Dr. Mateus Rocha, Director of the Center for Dental Biomaterials, says about the use of Artificial Intelligence in Restorative Dentistry:
Mateus G Rocha D.D.S., M.S., Ph.D.
“I believe that the use of artificial intelligence has the potential to significantly improve clinical treatments in esthetic and restorative dentistry. The ability to accurately predict the outcome of different treatment options using AI can help clinicians make more informed decisions and improve patient outcomes.
In the specific case of this study, the use of machine learning to predict the final color of leucite-reinforced ceramic veneers has the potential to assist clinicians in the selection of the most appropriate materials for a given case. The ability to accurately predict the final color of a restoration can help to ensure that the final result is as close as possible to the desired outcome, improving patient satisfaction and reducing the need for revisions.
Overall, I believe that the integration of artificial intelligence into clinical practice has the potential to greatly enhance the efficiency and effectiveness of esthetic and restorative treatments. I am excited to continue exploring the use of AI in this field and to see the impact it can have on patient care.”
Dr. Dayane Oliveira, Clinical Assistant Professor, and specialist in Color Science talks about her contribution and experience working with Dr. Carlos Kose:
“It was a pleasure to work with Carlos on this project exploring the use of artificial intelligence in esthetic and restorative dentistry. From the beginning, Carlos demonstrated a strong passion for his work and a dedication to finding innovative solutions to the problem at hand.
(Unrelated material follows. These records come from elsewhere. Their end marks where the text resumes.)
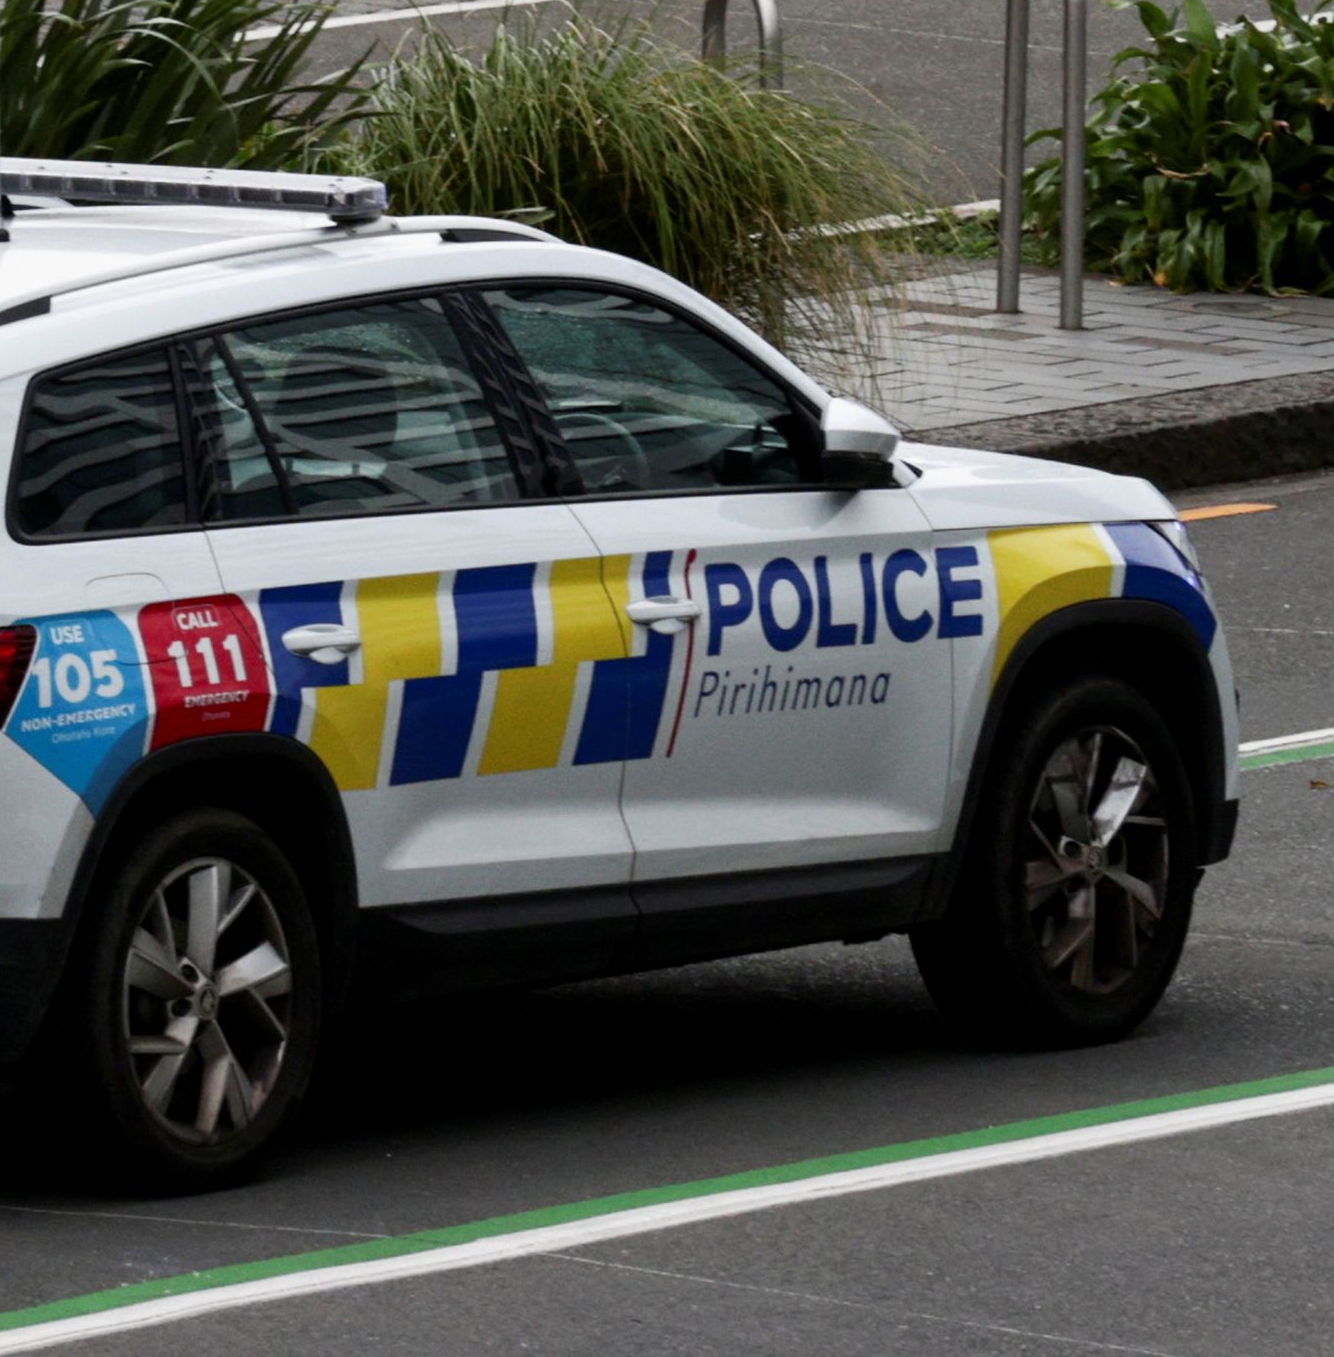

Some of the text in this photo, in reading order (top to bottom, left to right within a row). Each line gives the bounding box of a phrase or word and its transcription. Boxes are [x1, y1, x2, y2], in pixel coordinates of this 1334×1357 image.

[177, 610, 219, 631] CALL
[704, 545, 983, 657] POLICE
[50, 624, 84, 645] USE
[31, 648, 125, 709] 105
[167, 634, 248, 688] 111
[184, 689, 250, 709] EMERGENCY
[693, 664, 892, 719] Pirihimana
[21, 703, 136, 733] NON-EMERGENCY
One of the things that I particularly appreciated about working with Carlos was his willingness to ask questions and seek out additional resources when needed. He was always eager to learn more about the topic and to find new and creative approaches to the problem. This openness to new ideas and perspectives was a key factor in the success of the project.
In addition to his passion for his work, Carlos was also a pleasure to work with because of his professionalism and commitment to excellence. He took great care to ensure that his work was of the highest quality, and he always went above and beyond to ensure that the project was completed to the best of his ability. I am confident that he will continue to make valuable contributions to the field of dental biomaterials in the future.”